That bioactive soil sounds interesting......Currently I use Eco Earth....My take on reading the replies is it's more natural, and will decompose the frog feces, thus you have a stable environment?.....Much like a fish tank with all live plants compared to all plastic plants....I have ONLY live plants in my tanks. But anyway, you say you have to cycle this?....The same way as cycling a fish tank?
If someone will tell me how to set this up, I'd appreciate it.

Thanks
Lloyd

----------


## bill

no, you need to cycle ADA Aquasoil prior to using it in a vivarium due to the amount of ammonia it releases.
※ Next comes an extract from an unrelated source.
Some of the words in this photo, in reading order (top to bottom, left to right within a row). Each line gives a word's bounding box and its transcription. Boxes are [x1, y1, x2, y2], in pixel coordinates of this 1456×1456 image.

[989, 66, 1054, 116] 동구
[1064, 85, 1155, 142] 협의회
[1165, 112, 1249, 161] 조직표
Eco-earth is nothing more than ground up and processed coconut fibers. It in no way will just decompose feces. Bacteria needs to build up in a vivarium in order for that to happen. And it's not like it will magically disappear overnight. That is why we recommend microfauna (isopods and springtails) that actually feed on feces and decaying plant matter.

----------



----------


## Daniel

> ADA soils are in fact safe to use in a frog tank, BUT, they release a ridiculous amount of ammonia while the tank cycles. You should cycle it in an aquarium, monitoring levels and doing constant water changes until the tank cycles then i would transfer it to a viv. 
> 
> For what it is worth, i use a soiless soil mix used for hydroponics growing and a layer of cocofiber in all my tanks and my plants love me for it. Also, all soil becomes "bio-active" over time.Like an aquarium denitrifying bacteria are present in soil. It's how soil breaks down nitrogen so plants can use it. Bio-active soils are just seeded with bacteria, nothing more.


Though bacteria is the main part of bioactive substrate they're are also other critters crawling around in it. Microbes, substrate mites and if you choose too add them in then earth worms, isopods and spring tail (though there is a species thast usually makes its way into my enclosures withot me adding them). 

My cornsnake enclosure has been up and running for over a year, never once cleaned (other then spot cleaning obvious waste matter). It smells nice and fresh to this day. Heres a nice read  http://www.geckotime.com/bio-active-reptile-substrate/ You can also read more about in "The art of keeping snakes" book.

----------

Jerah Teoh Yong Qiang

----------


## Daniel

A great way of building up helpful bacteria in your enclosure is to go out and get leaf litter from the woods.

----------


## Lloyd

> no, you need to cycle ADA Aquasoil prior to using it in a vivarium due to the amount of ammonia it releases.
> 
> Eco-earth is nothing more than ground up and processed coconut fibers. It in no way will just decompose feces. Bacteria needs to build up in a vivarium in order for that to happen. And it's not like it will magically disappear overnight. That is why we recommend microfauna (isopods and springtails) that actually feed on feces and decaying plant matter.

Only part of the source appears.